Leaving every image behind, reproduce the records word for word.

--- Data supplied ---

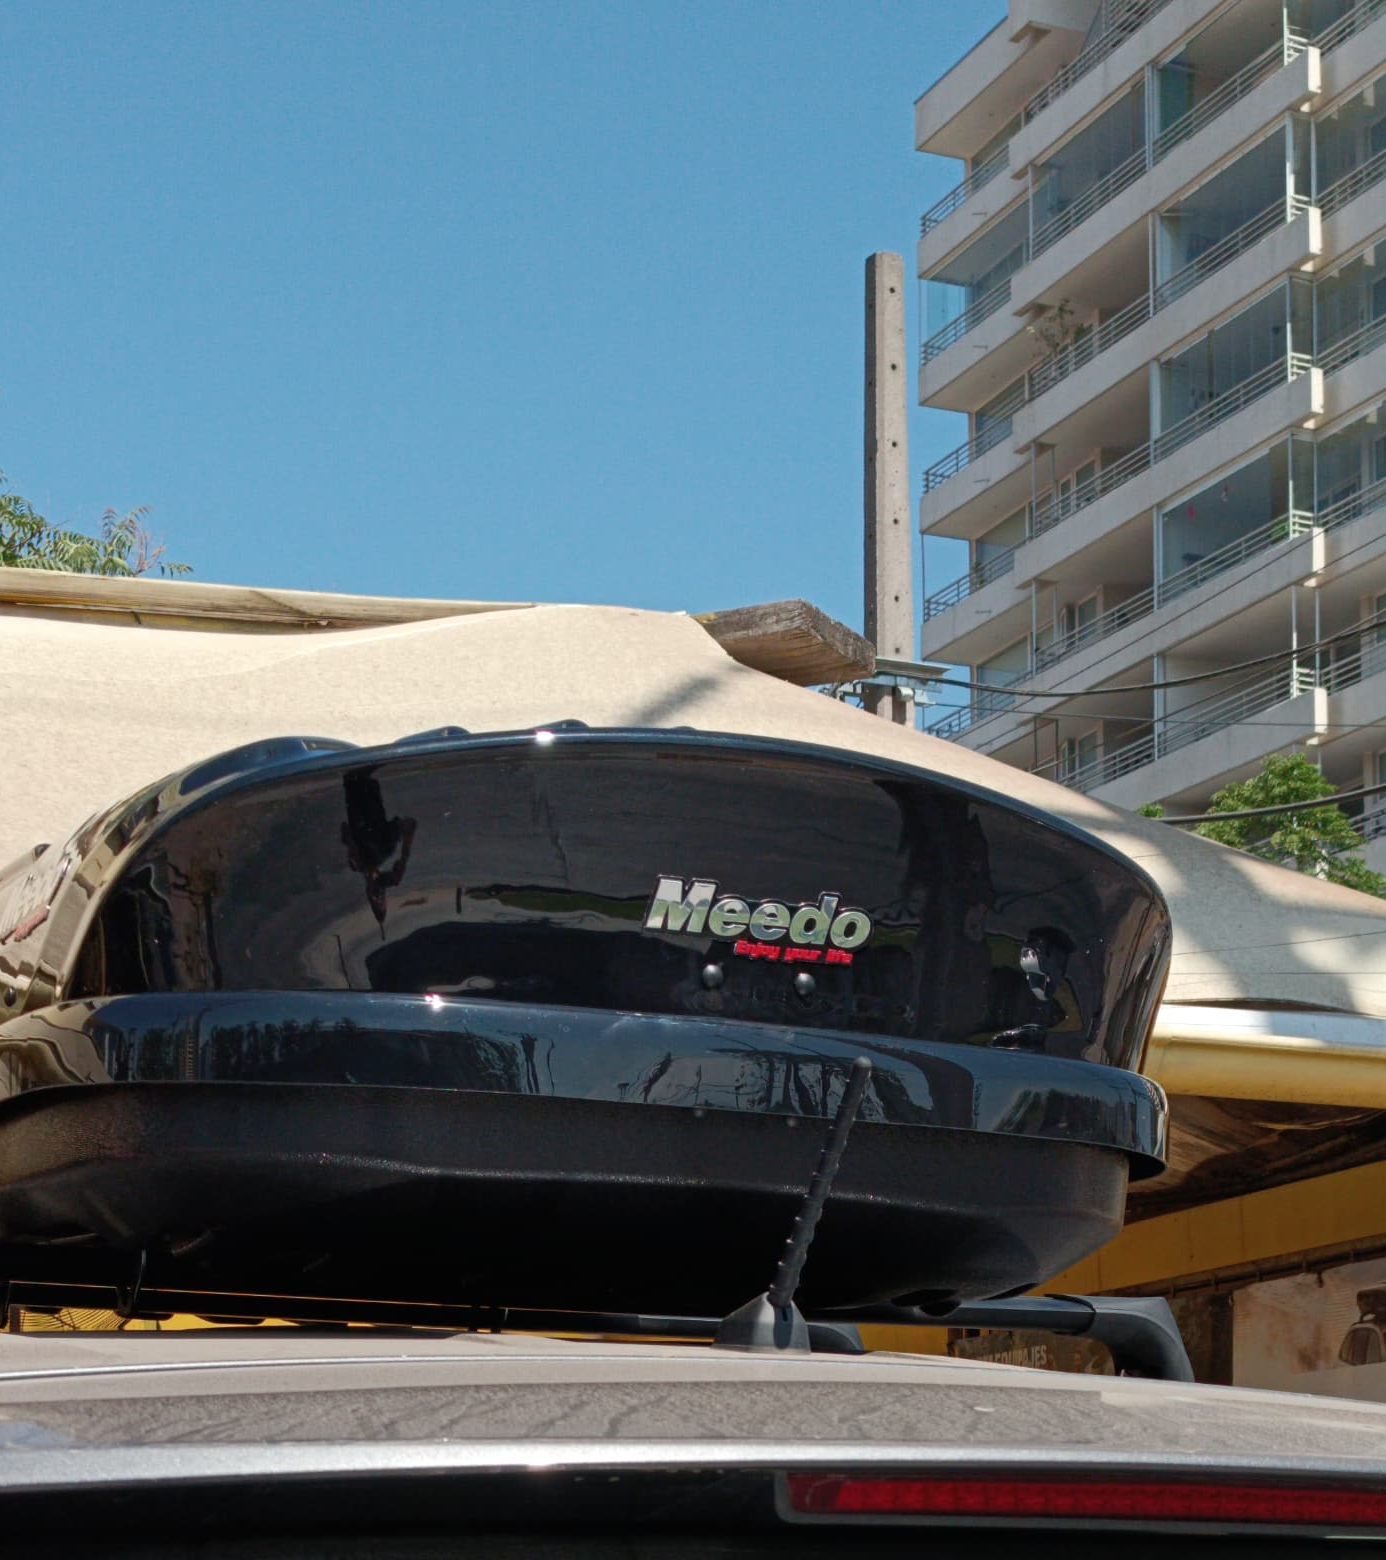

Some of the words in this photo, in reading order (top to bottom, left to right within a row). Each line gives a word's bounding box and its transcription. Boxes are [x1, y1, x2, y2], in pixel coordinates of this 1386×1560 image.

[644, 876, 873, 950] Meedo
[734, 940, 781, 961] Enjoy
[784, 946, 821, 961] your
[825, 948, 853, 965] life

---

## Solved exercise
Some of the words in this photo, in reading order (top to bottom, left to right within a row). Each line gives a word's bounding box and its transcription. Boxes are [x1, y1, x2, y2], in pixel coordinates of this 1386×1560 image.

[644, 876, 873, 950] Meedo
[734, 940, 781, 961] Enjoy
[784, 946, 821, 961] your
[825, 948, 853, 965] life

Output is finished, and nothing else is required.